▶ Records for the exercise:
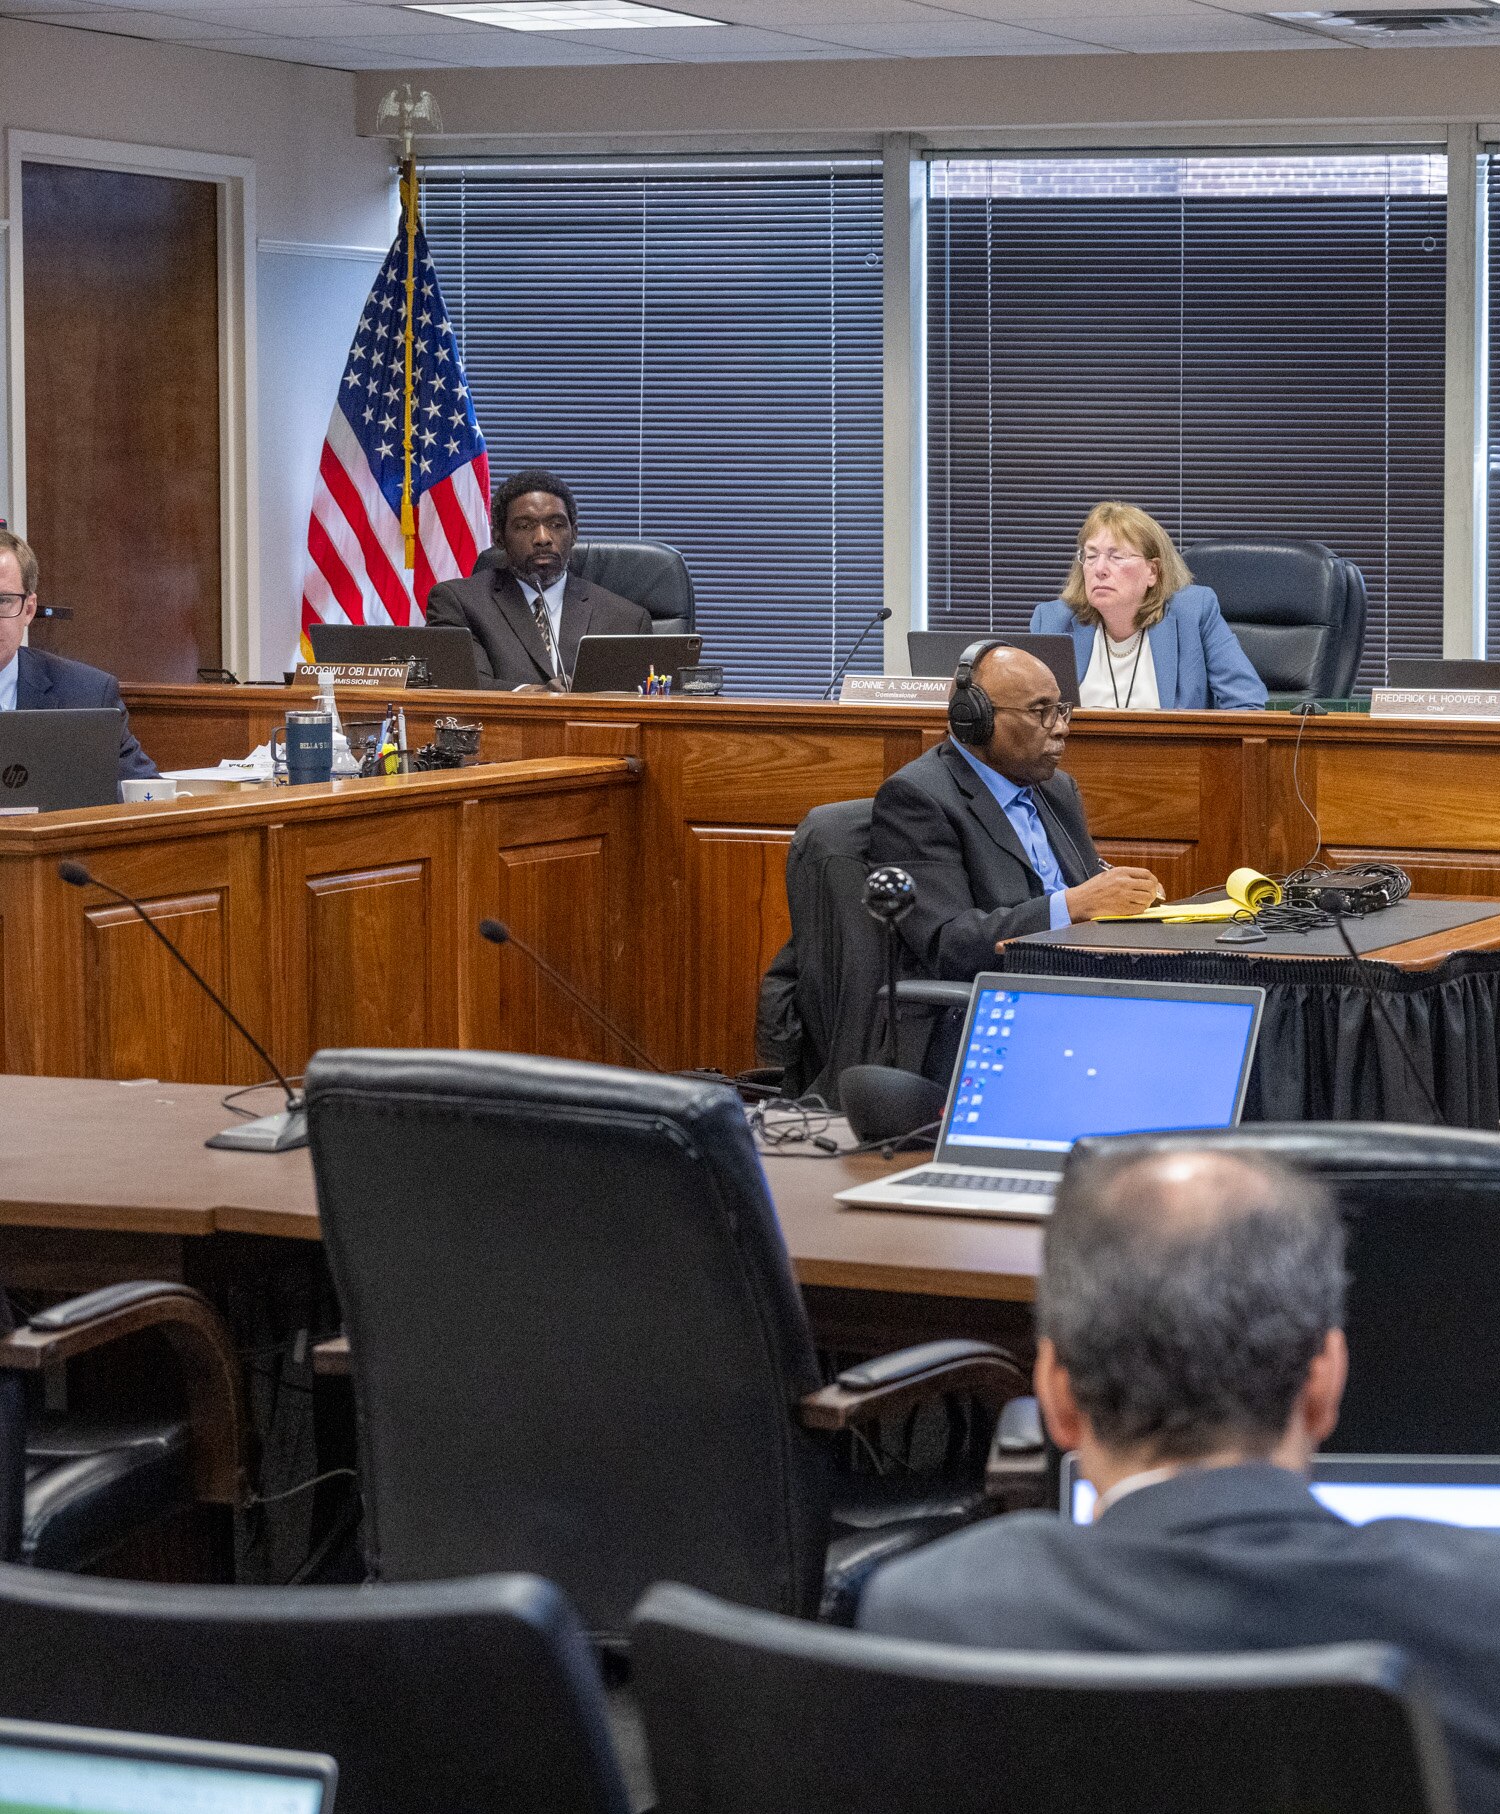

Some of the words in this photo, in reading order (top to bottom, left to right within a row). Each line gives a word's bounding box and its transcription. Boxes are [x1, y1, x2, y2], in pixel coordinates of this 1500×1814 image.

[301, 665, 346, 676] ODOGWU
[348, 667, 365, 677] OBI
[367, 668, 404, 678] LINTON
[333, 678, 380, 686] MMISSIONER
[851, 680, 885, 690] BONNIE
[888, 681, 898, 690] A.
[900, 682, 947, 692] SUCHMAN
[874, 691, 918, 699] Commissioner
[1375, 693, 1425, 703] FREDERICK
[1428, 694, 1437, 703] H.
[1440, 694, 1482, 705] HOOVER,
[1485, 695, 1499, 704] JR.
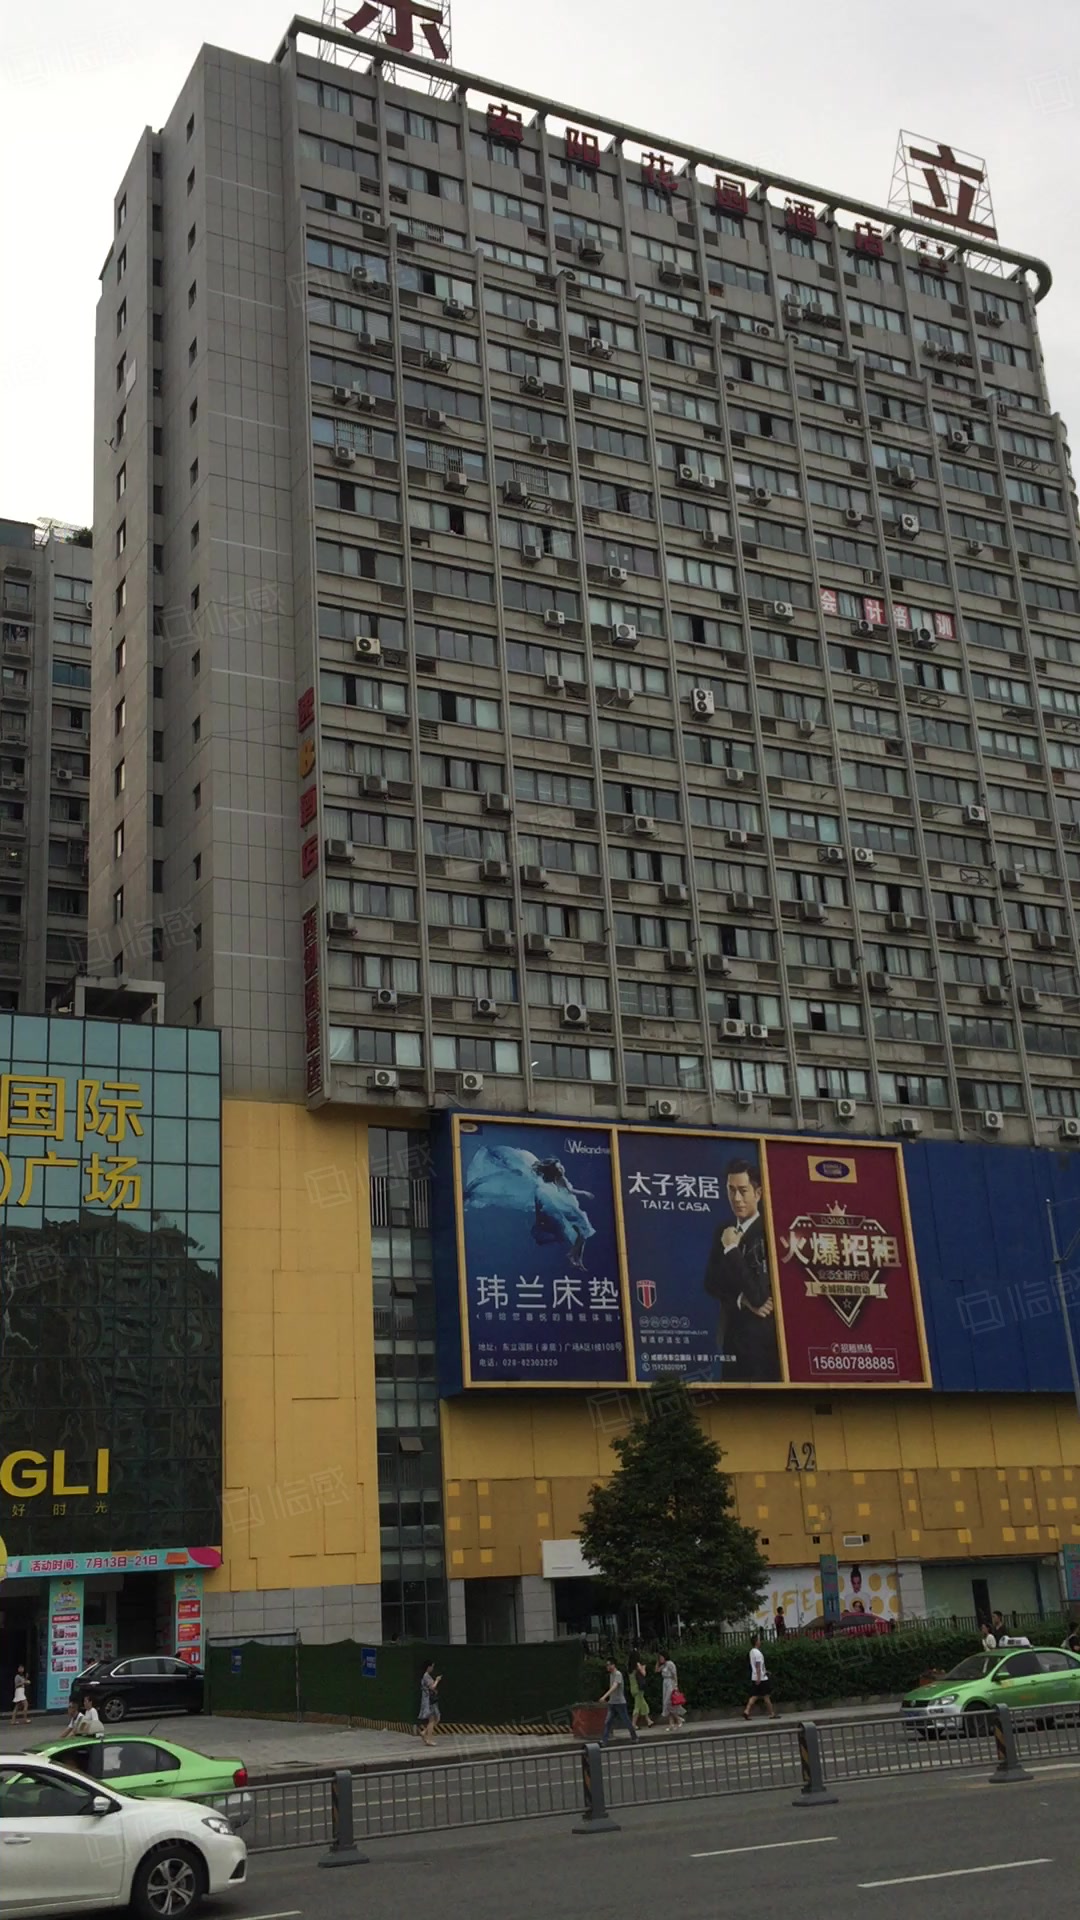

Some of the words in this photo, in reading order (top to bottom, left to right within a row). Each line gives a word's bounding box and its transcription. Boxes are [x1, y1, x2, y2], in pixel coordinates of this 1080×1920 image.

▶ Task to carry out: Output all of the data above exactly; no pictures should appear.

▶ Exercise solution:
Some of the words in this photo, in reading order (top to bottom, left to right within a row). Each line gives a word's bounding box and its transcription. Boxes are [x1, y1, x2, y2], in pixel coordinates of this 1500×1814 image.

[301, 665, 346, 676] ODOGWU
[348, 667, 365, 677] OBI
[367, 668, 404, 678] LINTON
[333, 678, 380, 686] MMISSIONER
[851, 680, 885, 690] BONNIE
[888, 681, 898, 690] A.
[900, 682, 947, 692] SUCHMAN
[874, 691, 918, 699] Commissioner
[1375, 693, 1425, 703] FREDERICK
[1428, 694, 1437, 703] H.
[1440, 694, 1482, 705] HOOVER,
[1485, 695, 1499, 704] JR.

Some of the words in this photo, in reading order (top to bottom, left to right within a row). Each line gives a word's bounding box and its transcription. Boxes are [x1, y1, x2, y2], in pixel coordinates of this 1080×1920 image.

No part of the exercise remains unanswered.